EN FR
EN FR


Section: New Results

Life-Long Robot Learning And Development Of Motor And Social Skills

Exploration and learning of sensorimotor policies

Non-linear regression algorithms for motor skill acquisition: a comparison

Participants : Thibaut Munzer [correspondant] , Freek Stulp, Olivier Sigaud.

Endowing robots with the capability to learn is an important goal for the robotics research community. One part of this research is focused on learning skills, where usually two learning paradigms are used sequentially. First, a robot learns a motor primitive by demonstration (or imitation). Then, it improves this motor primitive with respect to some externally defined criterion. We realized a study on how the representation used in the demonstration learning step can influence the performance of the policy improvement step. We provide a conceptual survey of different demonstration learning algorithms and perform an empirical comparison of their performance when combined with a subsequent policy improvement step. These study have been published at the JFPDA conference [61] .

During this work, we have discovered that many (batch) regression algorithms (amongst others, locally weighted (projection) regression, Gaussian mixture regression, radial basis function networks, and Gaussian process regression) use only one of two underlying model representations to represent a function: a weighted sum of basis function, or a mixture of linear models. Furthermore, we show that the former is a special case of the latter. This insights provides a deep understanding of the relationship between these algorithms, that, despite being derived from very different principles, use a function representation that can be captured within one unified model. A review article on this topic has been submitted to Neural Networks.

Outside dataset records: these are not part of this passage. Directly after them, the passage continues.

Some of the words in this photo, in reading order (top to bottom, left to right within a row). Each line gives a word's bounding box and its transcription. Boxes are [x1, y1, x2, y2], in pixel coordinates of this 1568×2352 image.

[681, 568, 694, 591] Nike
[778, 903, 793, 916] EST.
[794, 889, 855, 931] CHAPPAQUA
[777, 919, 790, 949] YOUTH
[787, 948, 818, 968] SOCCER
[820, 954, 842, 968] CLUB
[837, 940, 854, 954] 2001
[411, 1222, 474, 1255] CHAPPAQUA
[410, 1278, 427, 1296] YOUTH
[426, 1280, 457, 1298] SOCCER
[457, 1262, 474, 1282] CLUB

Simultaneous On-line Discovery and Improvement of Robotic Skill Options

Participants : Freek Stulp [correspondant] , Laura Herlant, Antoine Hoarau, Gennaro Raiola.

The regularity of everyday tasks enables us to reuse existing solutions for task variations. For instance, most door-handles require the same basic skill (reach, grasp, turn, pull), but small adaptations of the basic skill are required to adapt to the variations that exist (e.g. levers vs. knobs). In a joint project with Laura Herlant of Carnegie Mellon University, we developed the algorithm “Simultaneous On-line Discovery and Improvement of Robotic Skills” (SODIRS) that is able to autonomously discover and optimize skill options for such task variations. We formalize the problem in a reinforcement learning context, and use the PIBB algorithm to continually optimize skills with respect to a cost function. SODIRS discovers new subskills, or “skill options”, by clustering the costs of trials, and determining whether perceptual features are able to predict which cluster a trial will belong to. This enables SODIRS to build a decision tree, in which the leaves contain skill options for task variations. We demonstrate SODIRS' performance in simulation, as well as on a Meka humanoid robot performing the ball-in-cup task. This work has led to a publication at IROS [64] .

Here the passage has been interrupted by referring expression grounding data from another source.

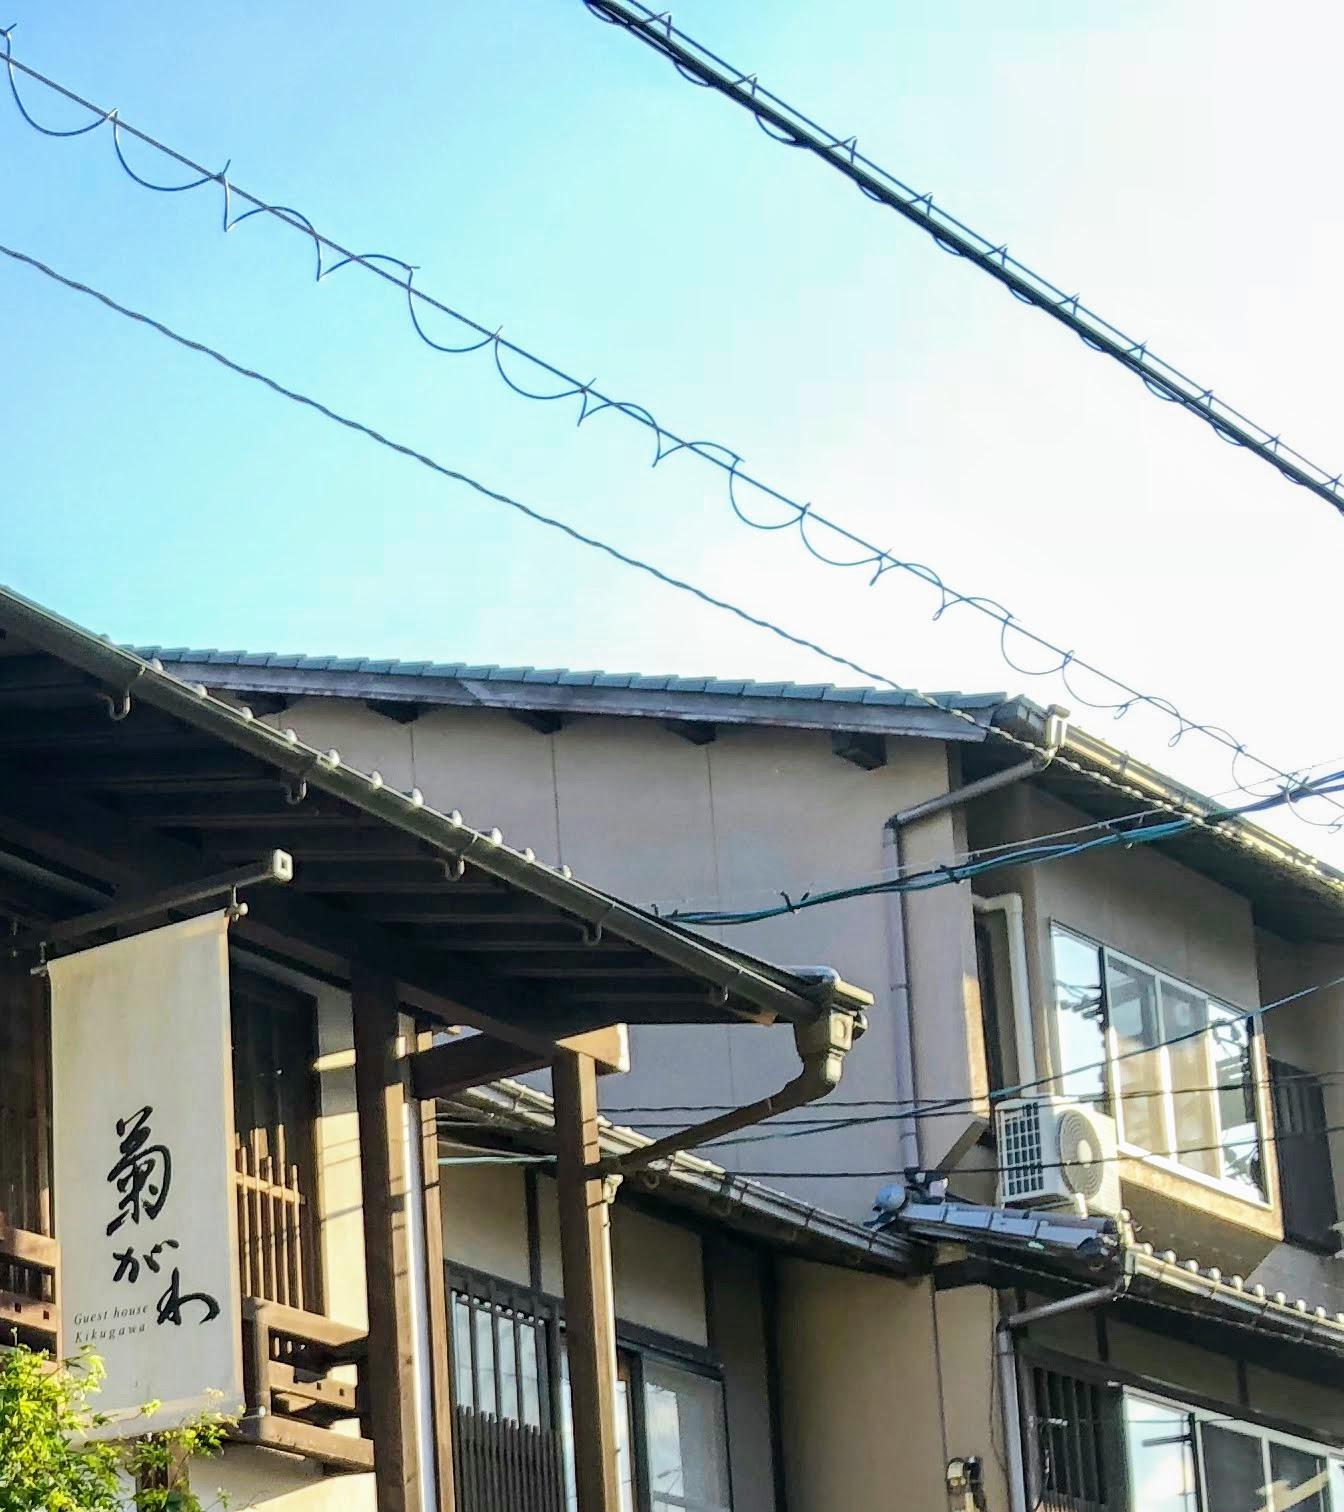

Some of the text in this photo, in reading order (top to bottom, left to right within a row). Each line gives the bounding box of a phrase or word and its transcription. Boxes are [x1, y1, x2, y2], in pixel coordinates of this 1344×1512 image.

[106, 1105, 221, 1326] 菊がわ
[74, 1305, 149, 1326] Guest house
[75, 1323, 145, 1343] Kikugawa
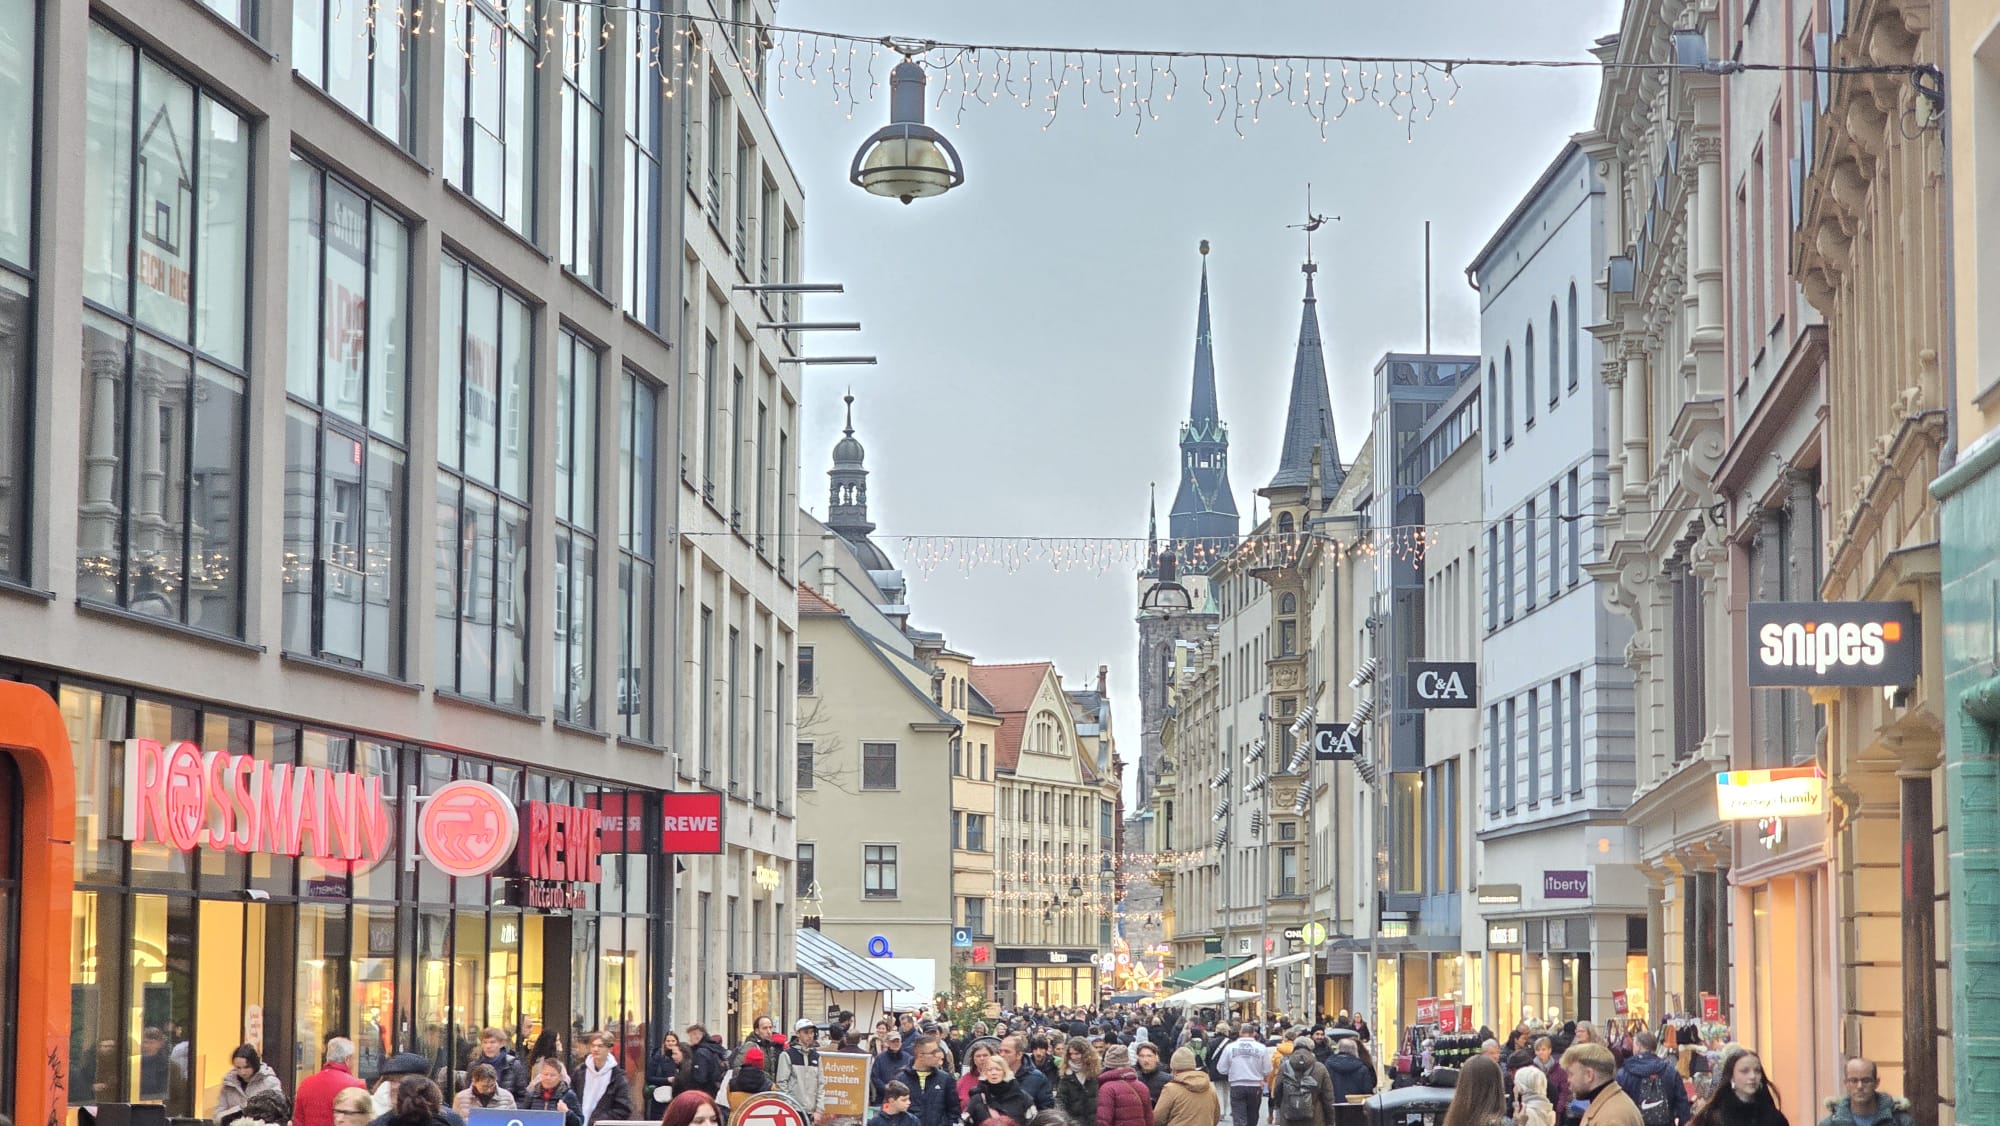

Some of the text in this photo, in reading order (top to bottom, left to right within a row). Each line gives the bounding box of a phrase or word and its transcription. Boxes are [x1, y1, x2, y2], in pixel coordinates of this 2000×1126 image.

[1760, 621, 1885, 675] snipes
[1416, 671, 1468, 699] C&A
[1315, 730, 1356, 753] C&A
[665, 816, 718, 832] REWE
[529, 799, 602, 883] REWE
[1545, 876, 1587, 893] liberty
[1284, 930, 1304, 939] ONL
[824, 1061, 858, 1073] Advent-

Simultaneous On-line Discovery and Improvement of Robotic Skill Options

Participants : Freek Stulp [correspondant] , Nicolas Alberto Torres, Michael Mistry.

Freek Stulp supervised the Master's thesis project of Nicolas Torres Alberto from the Telecom Physique Strasbourg, which led to a publication at Humanoids'14 [65] . The project focused on improving autonomy in learning inverse dynamics models for computed torque control. In computed torque control, robot dynamics are predicted by dynamic models. This enables more compliant control, as the gains of the feedback term can be lowered, because the task of compensating for robot dynamics is delegated from the feedback to the feedforward term. Previous work has shown that Gaussian process regression is an effective method for learning computed torque control, by setting the feedforward torques to the mean of the Gaussian process. We extend this work by also exploiting the variance predicted by the Gaussian process, by lowering the gains if the variance is low. This enables an automatic adaptation of the gains to the uncertainty in the computed torque model, and leads to more compliant low-gain control as the robot learns more accurate models over time. On a simulated 7-DOF robot manipulator, we demonstrate how accurate tracking is achieved, despite the gains being lowered over time. This is a first step towards life-long learning robots, that continuously and autonomously adapt their control parameters (feedforward and feedback) over extended periods of time.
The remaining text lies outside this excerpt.